Jim Jarmusch is an acclaimed American filmmaker, director, screenwriter and actor known for making successful independent films. He was born into a modest family and got introduced to literature at an early age. This interest directed him towards films and he joined a film school after graduation. He came up with his first feature film titled ‘Permanent Vacation’ which although did not attract much popularity but was appreciated by few. This was followed by the first notable film of his life titled ‘Stranger Than Paradise’ which turned out to be successful. It was critically appreciated and also brought him various awards and accolades. Although his next notable work came after a gap of eleven years but it became a huge hit both critically and commercially. He is a passionate filmmaker and aims at making films that could achieve artistic satisfaction rather than being a commercial hit. This unconventional thinking brought him huge respect and he was given a special status in the European nations. He continues to be counted among the best independent filmmakers globally. Following is a compilation of quotes and sayings by the celebrated filmmaker which have been excerpted from his movies, dialogues, tweets, interviews, work, writings, thoughts and life. Go through the quotes and thoughts by Jim Jarmusch to enlighten yourself with his unconventional frame of reference.
I think it comes from really liking literary forms. Poetry is very beautiful, but the space on the page can be as affecting as where the text is. Like when Miles Davis doesn't play, it has a poignancy to it.
I have to tell everyone that when I finish a film and it goes out and is released, I never look at my films again. I don't like looking back. I don't even like talking about 'em! So I'm really digging back in my memory because I don't like to sit and look at my films again.
I wanted to make an Indian character who wasn't either a) the savage that must be eliminated, the force of nature that's blocking the way for industrial progress, or b) the noble innocent that knows all and is another cliche. I wanted him to be a complicated human being.
I start with actors that I know personally or I know their work, and there are things about their work or their presence or their own personality that make a character, that exaggerates some qualities and suppresses other qualities. It's always a real collaboration for me.
Cricket makes no sense to me. I find it beautiful to watch and I like that they break for tea. That is very cool, but I don't understand. My friends from The Clash tried to explain it years and years ago, but I didn't understand what they were talking about.
Ghost Dog: In the words of the ancients, one should make his decision within the space of seven breaths. It is a matter of being determined and having the spirit to break through to the other side.
I always start with characters rather than with a plot, which many critics would say is very obvious from the lack of plot in my films - although I think they do have plots - but the plot is not of primary importance to me, the characters are.
I like to rehearse with the actors scenes that are not in the script and will not be in the film because what we're really doing is trying to establish their character, and good acting to me is about reacting.
The intention was to shoot short films that can exist as shorts independently, but when I put them all together, there are things that echo through them like the dialogue repeats; the situation is always the same, the way they're shot is very simple and the same.

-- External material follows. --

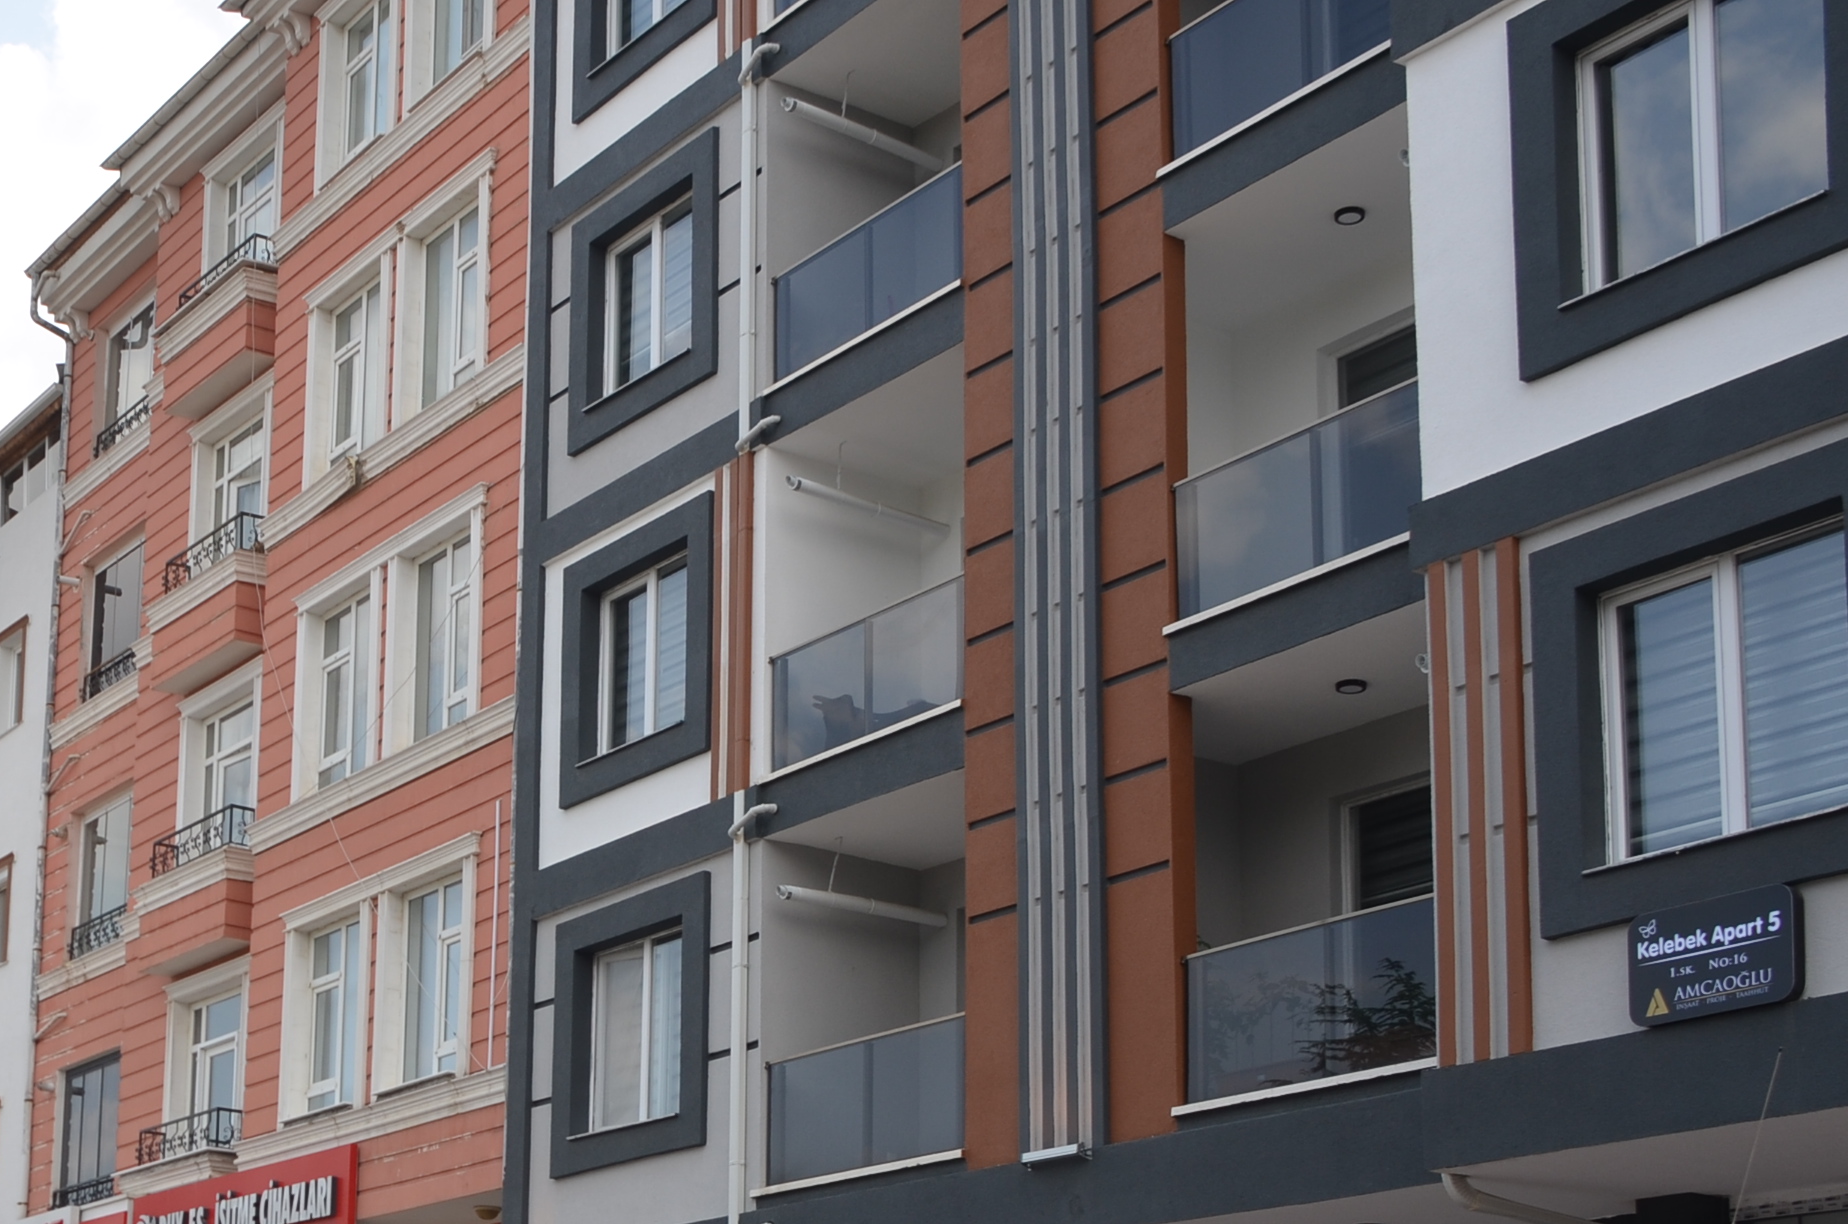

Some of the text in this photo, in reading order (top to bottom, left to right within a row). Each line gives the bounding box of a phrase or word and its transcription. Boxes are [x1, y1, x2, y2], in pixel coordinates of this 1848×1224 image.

[1637, 910, 1782, 960] Kelebek Apart 5
[1674, 967, 1773, 1001] AMCAOĞLU

I love rehearsing because in rehearsals there are no mistakes, nothing is wrong, some things apply or lead you to focus on the character and the things that don't apply are equally valuable because they lead you to towards what does.
If you go into a bar in most places in America and even say the word poetry, you'll probably get beaten up. But poetry is a really strong, beautiful form to me, and a lot of innovation in language comes from poetry.
It was a really interesting time in New York in the late 70s and early 80s, and the music scene was really, really interesting because you didn't have to be a virtuoso to make music, it was more about your desire to express things.
Poets are always ahead of things in a certain way, their sense of language and their vision.
What I did was I completed the half-hour film, but before really showing it, I wrote two more sections for a potential feature film which I didn't think would really happen, but at least I had it in case.
I like doing them and they're ridiculous and the actors can improvise a lot, and they don't have to be really realistic characters that hit a very specific tone as in a feature film. They're really fun, I want to make more of them definitely.